BUENOS AIRES, June 19 (Reuters) - Argentina’s peso continued firming on Thursday, trading at its strongest level since May 2006 in interbank trade as the central bank made hefty dollar sales amid a political standoff with farmers.
In midday trade, the peso ARS=RASL appreciated 0.25 percent to 3.0250/3.0275 per dollar.
In informal trade between foreign exchange houses, as measured by Reuters, the peso strengthened by the same percentage to 3.1100/3.1125 per dollar ARSB=.
Traders said the central bank continued tapping its foreign reserves to shore up the peso and avoid a run on the currency, as a three-month tax dispute between the government and farmers kept the country alert to possible food and fuel shortages.

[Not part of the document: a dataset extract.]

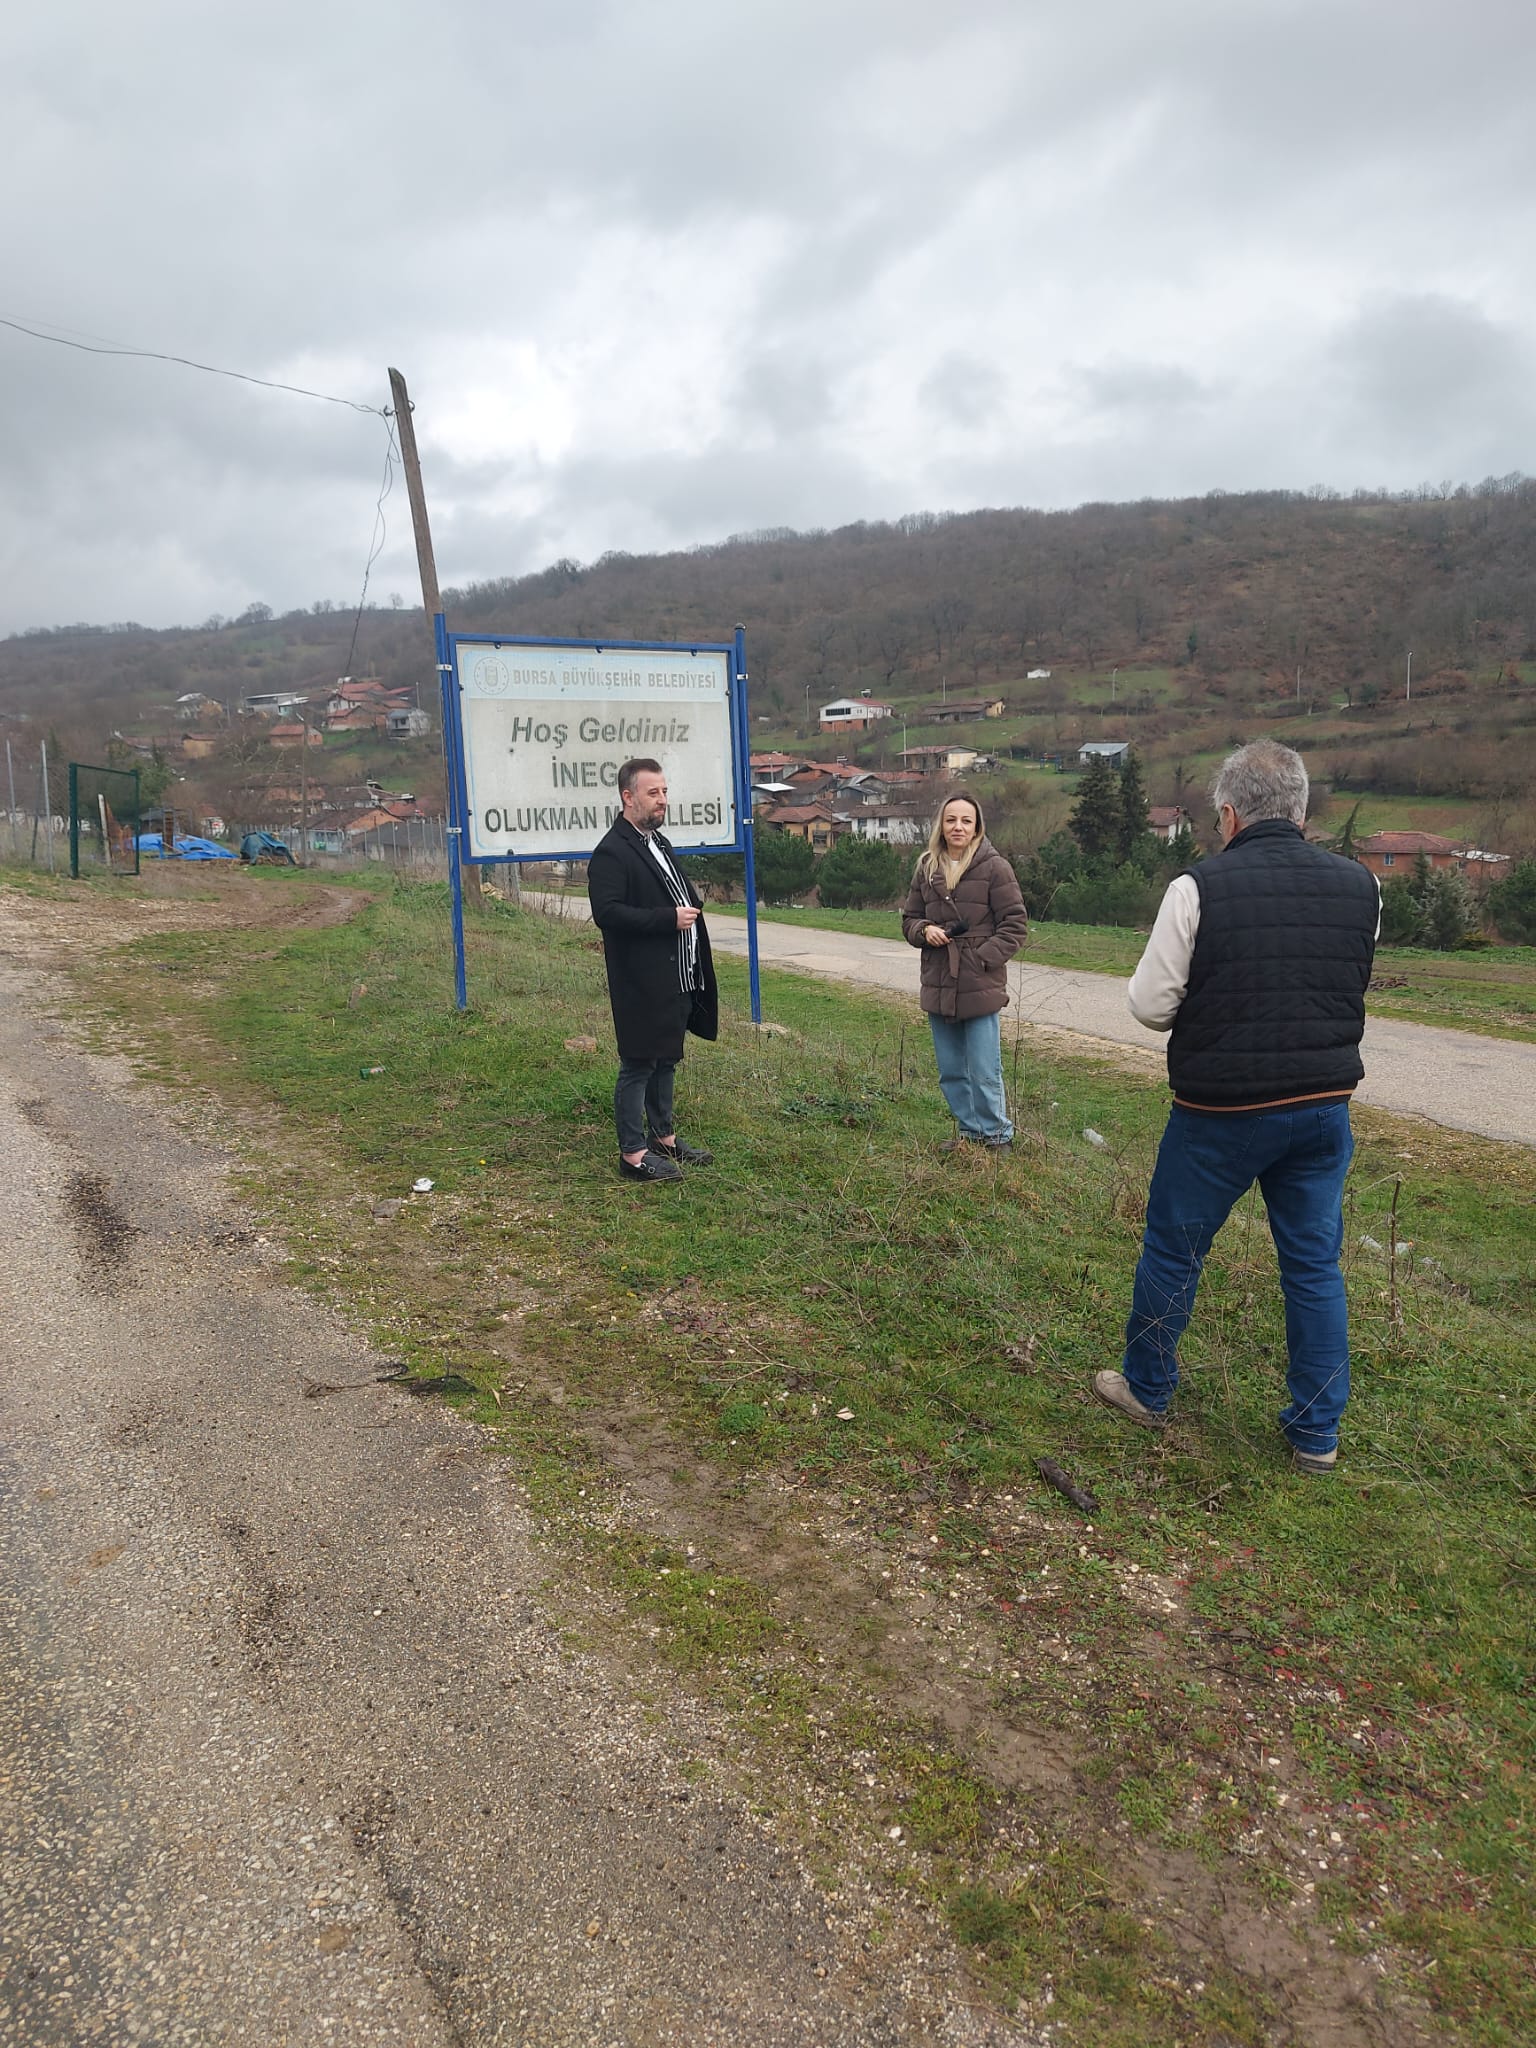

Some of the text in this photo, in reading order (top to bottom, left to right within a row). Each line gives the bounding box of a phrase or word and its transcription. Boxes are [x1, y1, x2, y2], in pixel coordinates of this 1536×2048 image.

Farm leaders extended their latest partial strike through Friday, vowing to withhold grains from market but allow other farm products to be sold.
With grain sales disrupted, many exporters are no longer cashing in their dollars for pesos on the foreign exchange market. Traders said the central bank has effectively acted to replace them, as private investors continue betting on safe-haven greenbacks.

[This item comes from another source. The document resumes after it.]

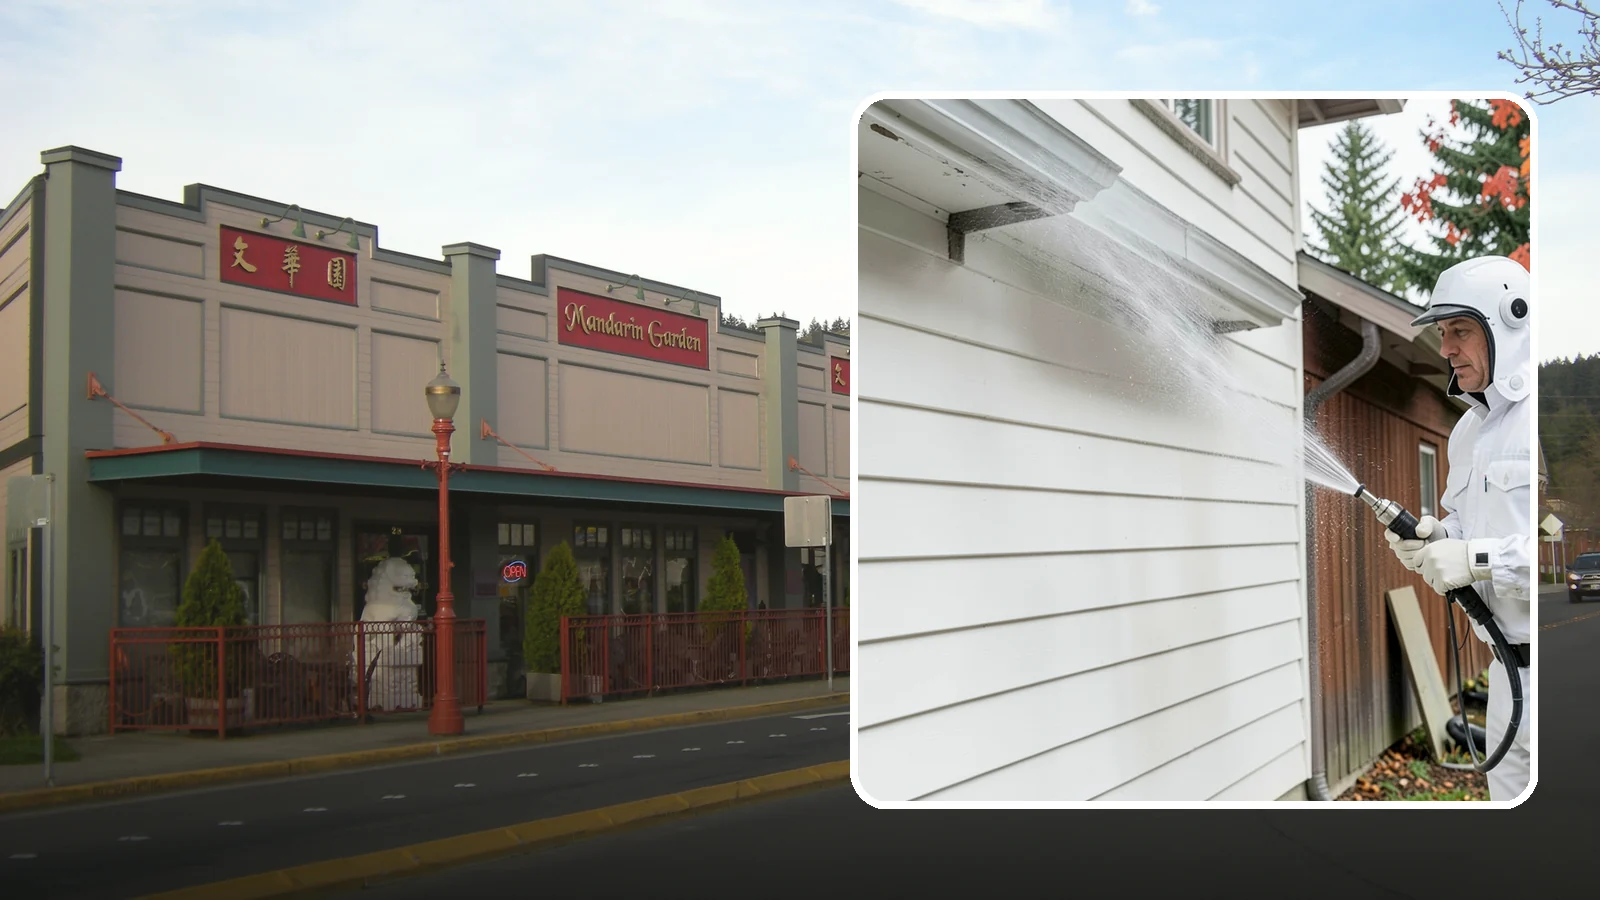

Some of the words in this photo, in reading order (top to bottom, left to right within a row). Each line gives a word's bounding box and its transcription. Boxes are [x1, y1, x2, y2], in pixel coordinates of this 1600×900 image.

“Our action (in recent weeks) was forceful, the demand for pesos strengthened significantly, putting a stop to a tendency toward depreciation and avoiding possible undesired effects on prices,” Central Bank President Martin Redrado told a conference organized by LatinFinance magazine on Wednesday.
“Not using our foreign reserves at a time of demand for dollars would have been absurd,” Redrado said.
Since mid-May, the central bank’s foreign reserves have fallen more than $2 billion to about $47.7 billion BCRA32. Reserves hit a record high of $50.5 billion in late March.
Meanwhile, the MerVal index .MERV traded up 0.64 percent at 2,061.38 points, boosted by gains in index heavyweight Tenaris, a top world supplier of seamless steel tubes for the energy industry.
Tenaris’ shares (TENA.BA) jumped 8.5 percent to 108 pesos a share in Buenos Aires ahead of options expiries and amid speculative buying, traders said.